Assigned task: Set down each entry exactly; omit images.

[Text-to-region grounding data]
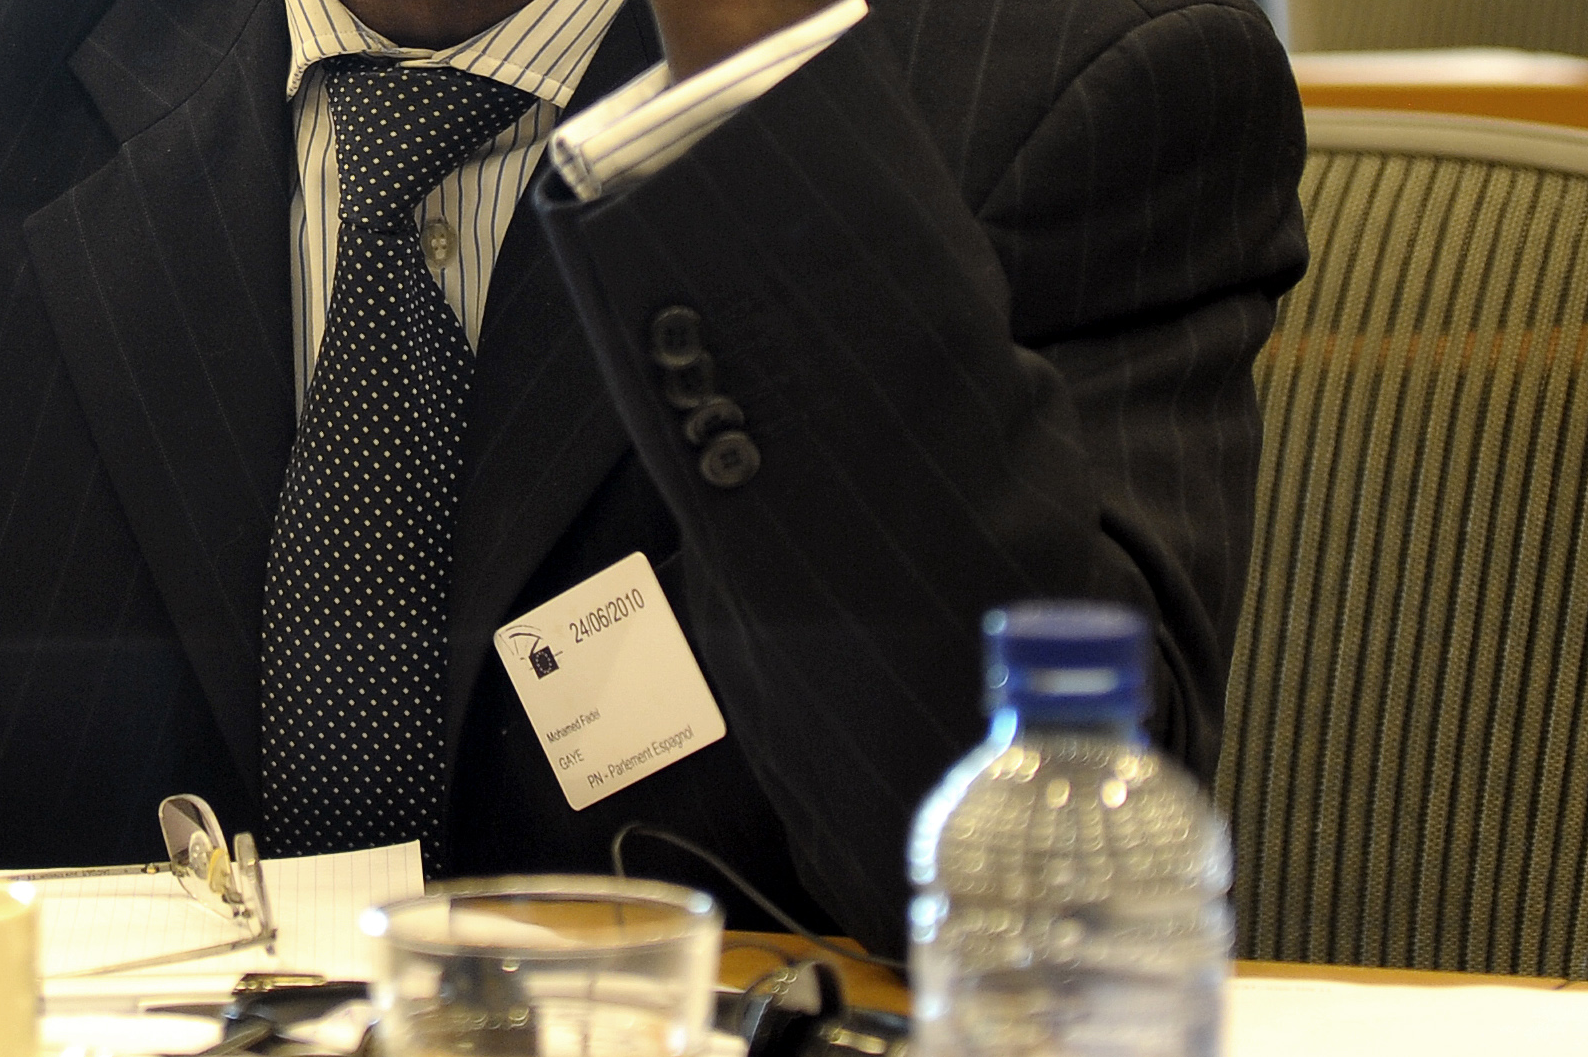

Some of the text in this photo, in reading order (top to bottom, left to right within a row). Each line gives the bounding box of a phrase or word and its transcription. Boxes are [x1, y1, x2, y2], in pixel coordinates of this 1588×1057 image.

[569, 588, 645, 644] 24/06/2010
[546, 718, 582, 743] Mohamed
[558, 748, 585, 770] GAYE
[587, 770, 604, 788] PN
[607, 746, 654, 778] Parlement
[651, 724, 695, 756] Espagnol

Your solution:
Some of the text in this photo, in reading order (top to bottom, left to right within a row). Each line gives the bounding box of a phrase or word and its transcription. Boxes are [x1, y1, x2, y2], in pixel coordinates of this 1588×1057 image.

[569, 588, 645, 644] 24/06/2010
[546, 718, 582, 743] Mohamed
[558, 748, 585, 770] GAYE
[587, 770, 604, 788] PN
[607, 746, 654, 778] Parlement
[651, 724, 695, 756] Espagnol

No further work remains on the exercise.